Particularly in mobile radio, there is the trend toward “multiband” receivers, which are designed to receive radio signals on different frequency bands. In Germany, for example, there are two different frequency bands for the GSM (Global System for Mobile communication) mobile radio standard, namely 900 MHz and 1 800 MHz. While the “D networks” operate in the frequency range around 900 MHz, the “E networks” have an associated frequency range around 1 800 MHz. Mobile radios which can send and receive on both frequency levels are called dual-band appliances.
In order to allow mobile radios to be used worldwide within the context of the globalization of the markets and the high level of user mobility, it is desirable for just one appliance to be provided with access not just to the frequency ranges around 900 and 1 800 MHz but also to other frequency ranges, such as GSM 1 900 and GSM 800, as are used in the USA, for example.
In the reception signal paths of such mobile radio receivers, there is now the problem of designing channel filters, amplifiers etc. to be suitable for these various frequency bands. Multiband receivers are normally designed such that a separate reception path is provided for each reception band.
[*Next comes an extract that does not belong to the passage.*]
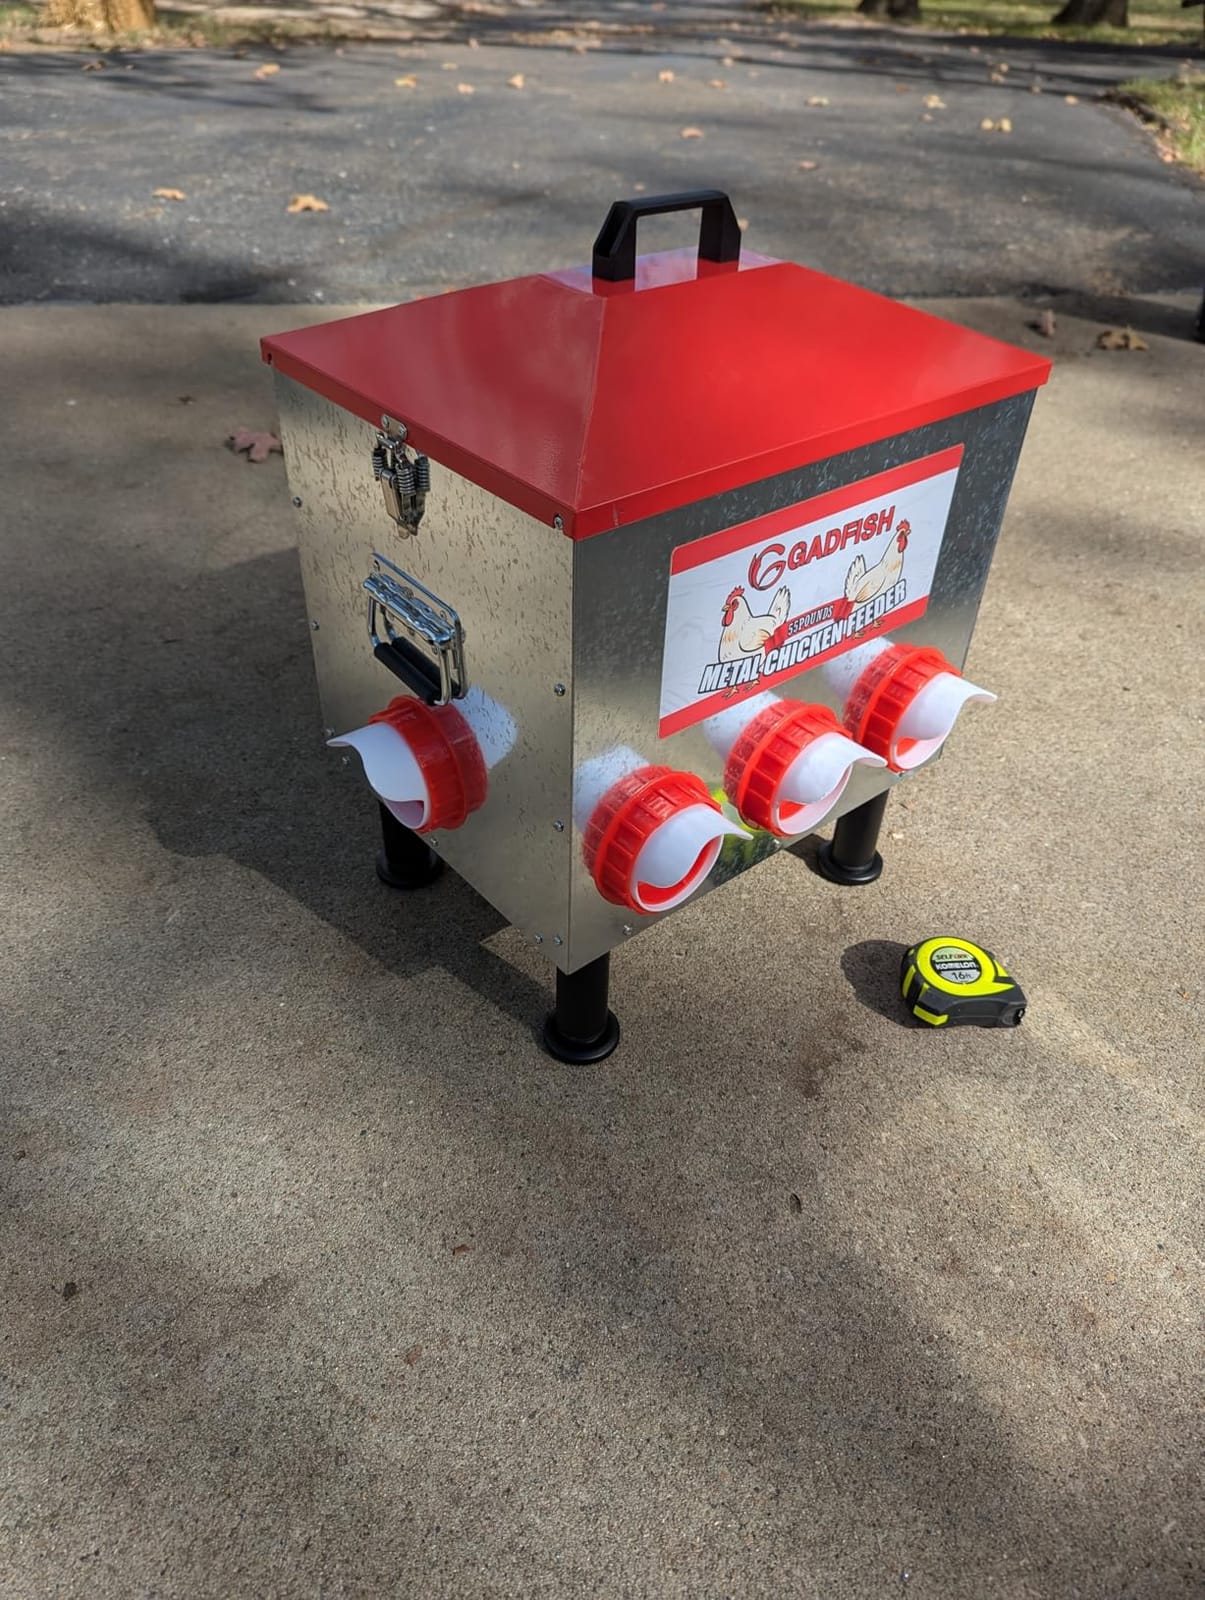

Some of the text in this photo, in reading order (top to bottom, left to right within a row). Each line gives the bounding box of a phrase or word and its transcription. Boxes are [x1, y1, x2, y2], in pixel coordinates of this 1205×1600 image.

This reception path comprises not only a channel filter but also a specially adapted low noise preamplifier, and also a separate down-conversion frequency mixer.
The documents WO 02/27953, U.S. Pat. No. 6,029,052 and U.S. Pat. No. 6,405,025 each describe different embodiments of receivers. Each receiver contains a plurality of parallel receiver paths with a respective low noise amplifier. The outputs of the amplifiers, which are isolated from one another, are coupled to a jointly used radio-frequency mixer. Each amplifier is designed to amplify a signal predetermined by a mobile radio standard.
A drawback of such a receiver architecture is the relatively high component complexity and the associated area involvement for integrating such circuits.